# [What you have to do]
Every line below must be copied as written, except for pictures.

--- Listed entries Enclosed Below ---

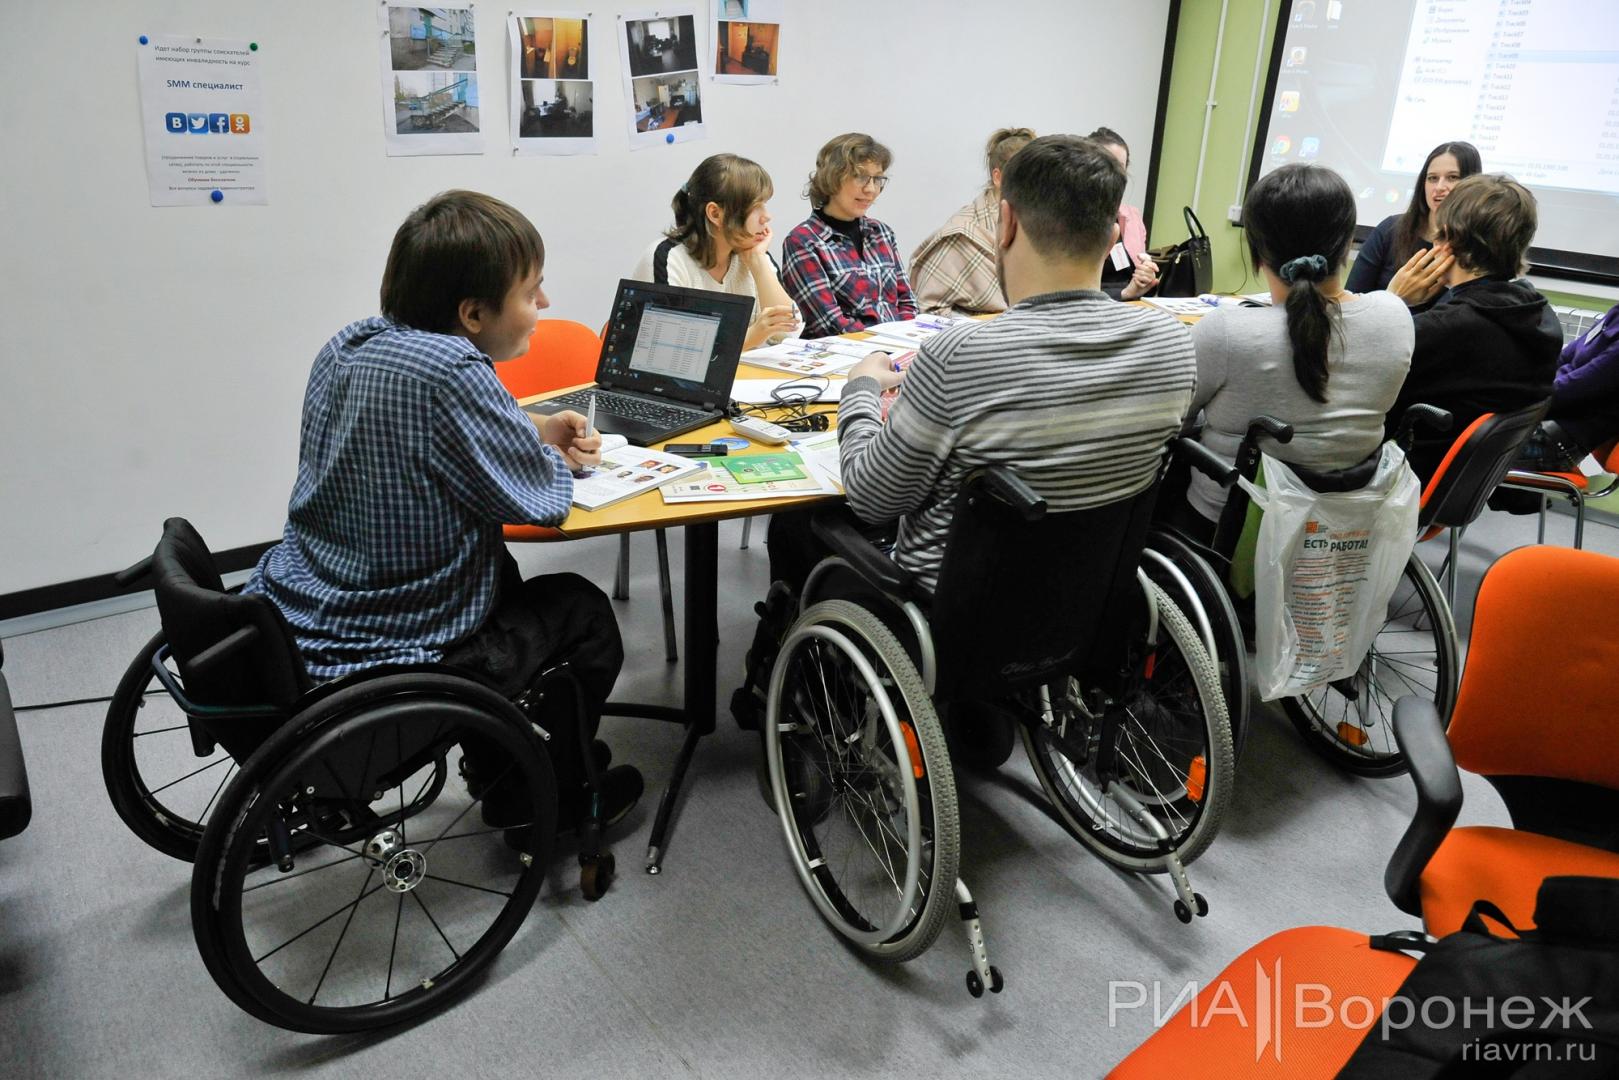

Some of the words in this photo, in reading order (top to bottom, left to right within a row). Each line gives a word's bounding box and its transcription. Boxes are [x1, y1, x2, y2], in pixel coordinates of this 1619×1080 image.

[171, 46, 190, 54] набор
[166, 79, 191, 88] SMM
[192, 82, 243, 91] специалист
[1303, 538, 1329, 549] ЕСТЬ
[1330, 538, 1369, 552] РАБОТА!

--- End of Enclosed Listed entries ---

# [Problem solution]
Some of the words in this photo, in reading order (top to bottom, left to right within a row). Each line gives a word's bounding box and its transcription. Boxes are [x1, y1, x2, y2], in pixel coordinates of this 1619×1080 image.

[171, 46, 190, 54] набор
[166, 79, 191, 88] SMM
[192, 82, 243, 91] специалист
[1303, 538, 1329, 549] ЕСТЬ
[1330, 538, 1369, 552] РАБОТА!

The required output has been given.